Research shows that phthalates may adversely affect reproduction and development.
With respect to soft vinyl (polyvinyl chloride or PVC) products, it is important to note that the mere presence of phthalates in the soft vinyl does not equate to a health risk. For example, touching or licking soft vinyl does not constitute a health risk. It is the amount of phthalates that leach out of the soft vinyl and migrate into the body that can be harmful. Phthalates leach out of soft vinyl during periods of sustained mouthing action (sucking and chewing) that occurs on a daily basis, and migrate into the body through the saliva.

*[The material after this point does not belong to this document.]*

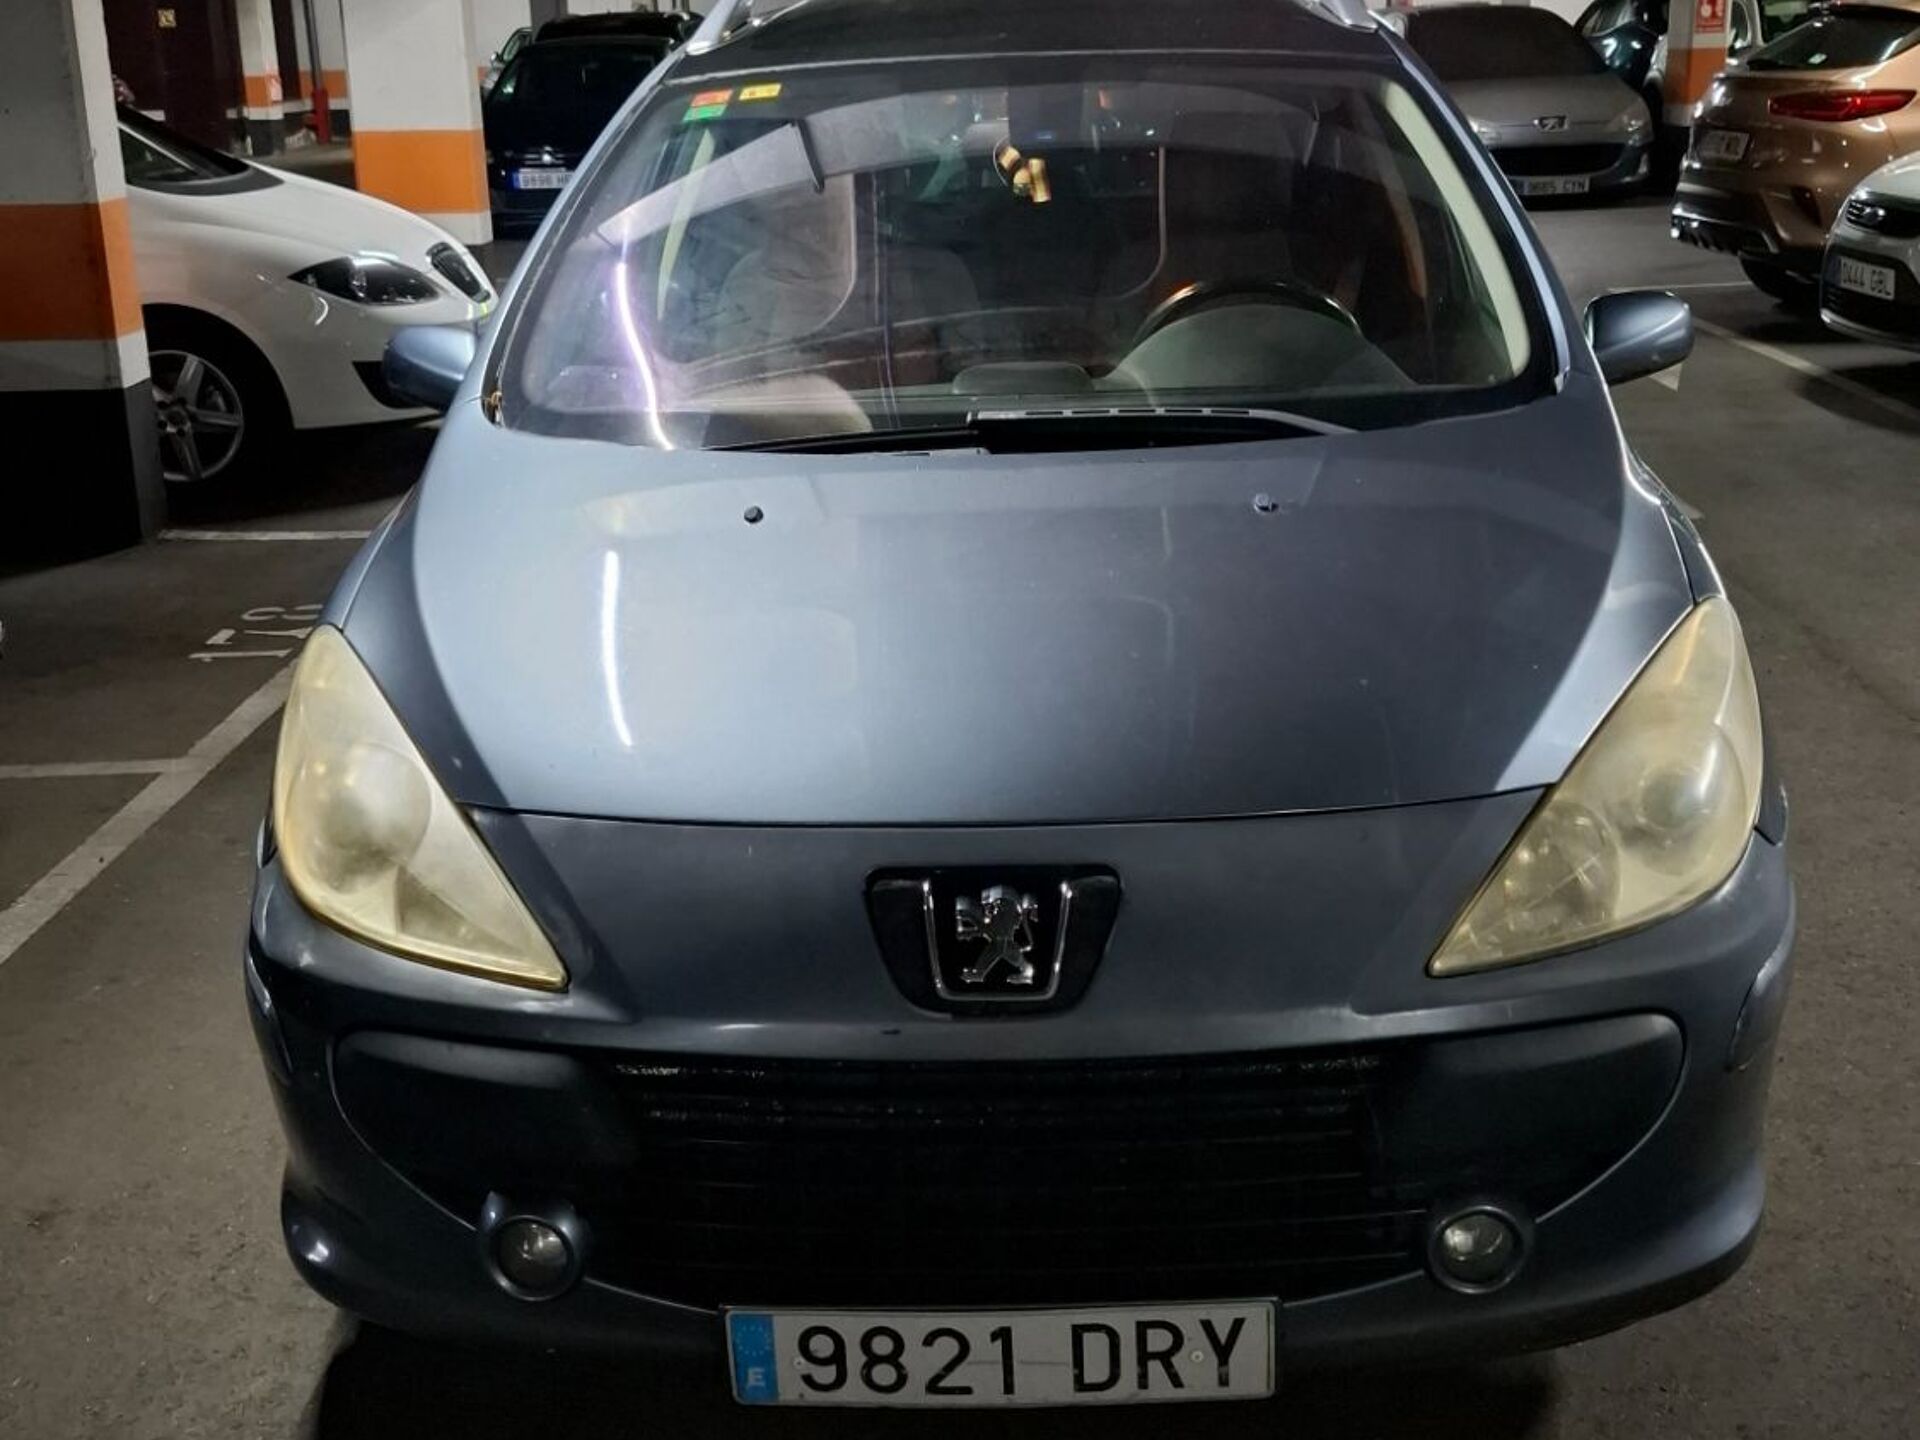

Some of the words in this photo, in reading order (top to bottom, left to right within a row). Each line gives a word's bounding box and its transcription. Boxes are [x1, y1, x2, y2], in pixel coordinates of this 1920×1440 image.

Health Canada has announced new regulations that will restrict the allowable concentrations of di 2-ethylhexl phthalate (DEHP), dibutyl phthalate (DBP) and benzyl butyl phthalate (BBP) to no more than 1,000 mg/kg (0.1%) in the soft vinyl of all children's toys and child care articles. They will also restrict the allowable concentrations of diisononyl phthalate (DINP), diisodecyl phthalate (DIDP) and di-n-octyl phthalate (DNOP) to no more than 1,000 mg/kg (0.1%) in the soft vinyl of children's toys and child care articles where the soft vinyl can, in a reasonably foreseeable manner, be placed in the mouth of a child under four years (48 months) of age.
These regulations will ensure that children's toys and child care articles imported, sold or advertised in Canada do not present a risk of phthalate exposure to young children.
Health Canada advises parents and caregivers to monitor their children's use of soft vinyl (PVC) toys not specifically designed for sucking and chewing (such as vinyl bibs and bath, squeeze or inflatable toys), and to remove these products from the child's environment if they observe the child sucking or chewing on them for extended periods.